Aleksandr Blok
Né sogni né realtà

Al tramonto, riunita sotto i tigli, la nostra famiglia prendeva il tè. Oltre i lillà la nebbia già saliva dal burrone.
Si udì un affilar di falci. I contadini del podere vicino erano usciti a falciare il prato del mercante. Non gridavano, non imprecavano come sempre. Le falci strusciavano sull’erba, si sentiva che erano una ventina.
A un tratto uno di loro intonò una canzone. Senza sforzo fluì una potente e limpida voce di tenore e subito riempì il burrone,  e il boschetto, e il giardino. Oltre il lillà, oltre la nebbia non si distingueva nulla, riconoscevo dalla voce che a cantare era Grigorij Chripunov; ma non avrei mai creduto che il piccolo e malaticcio Grigorij, che lavorava in fabbrica, avesse una voce così potente.

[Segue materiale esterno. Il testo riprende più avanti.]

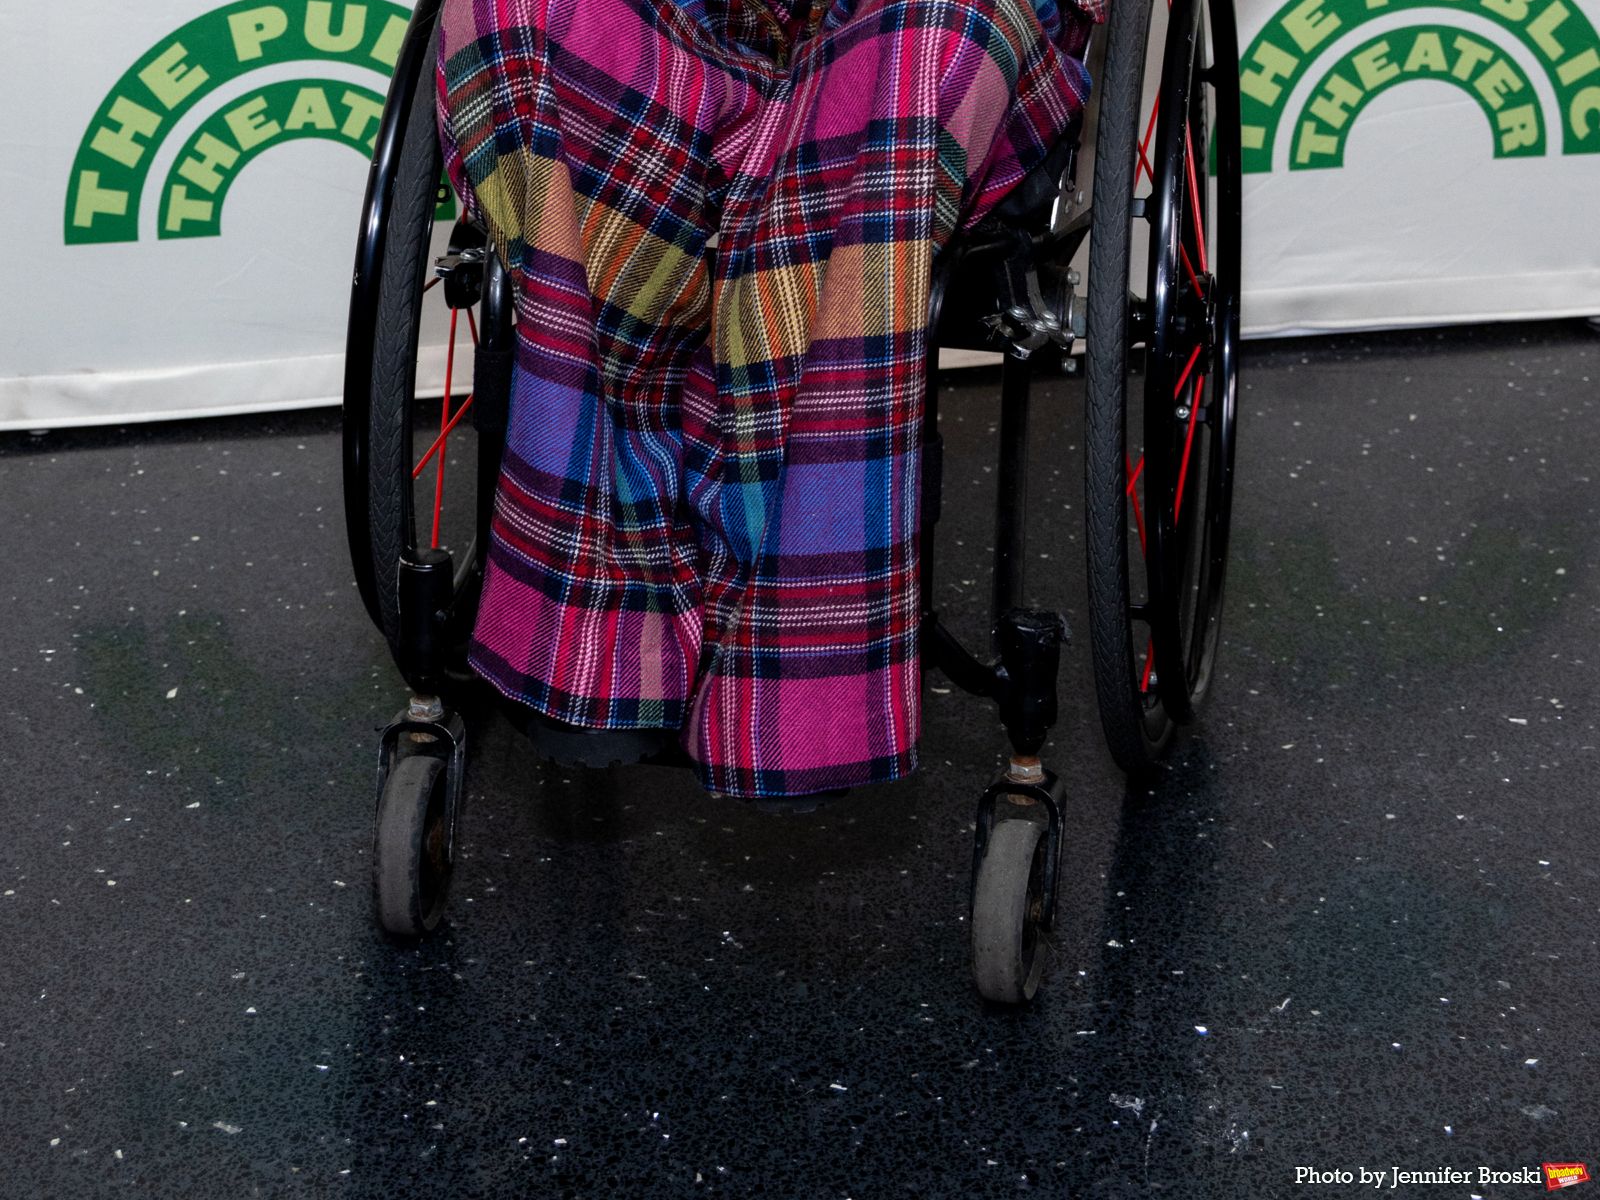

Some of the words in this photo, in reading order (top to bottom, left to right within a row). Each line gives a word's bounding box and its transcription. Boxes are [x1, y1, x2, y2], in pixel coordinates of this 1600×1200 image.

[73, 42, 210, 228] THE
[165, 87, 386, 232] THEAT
[1296, 32, 1539, 164] THEATER

I contadini si unirono al canto. E noi tutti ne fummo terribilmente turbati.
Non conoscevo, non distinguevo le parole; ma intanto la canzone continuava a crescere. I contadini dei vicini non avevano mai cantato così. Mi sentivo a disagio, lì seduto, mi pizzicava la gola e avevo voglia di piangere. Balzai in piedi e corsi in un angolo lontano del giardino.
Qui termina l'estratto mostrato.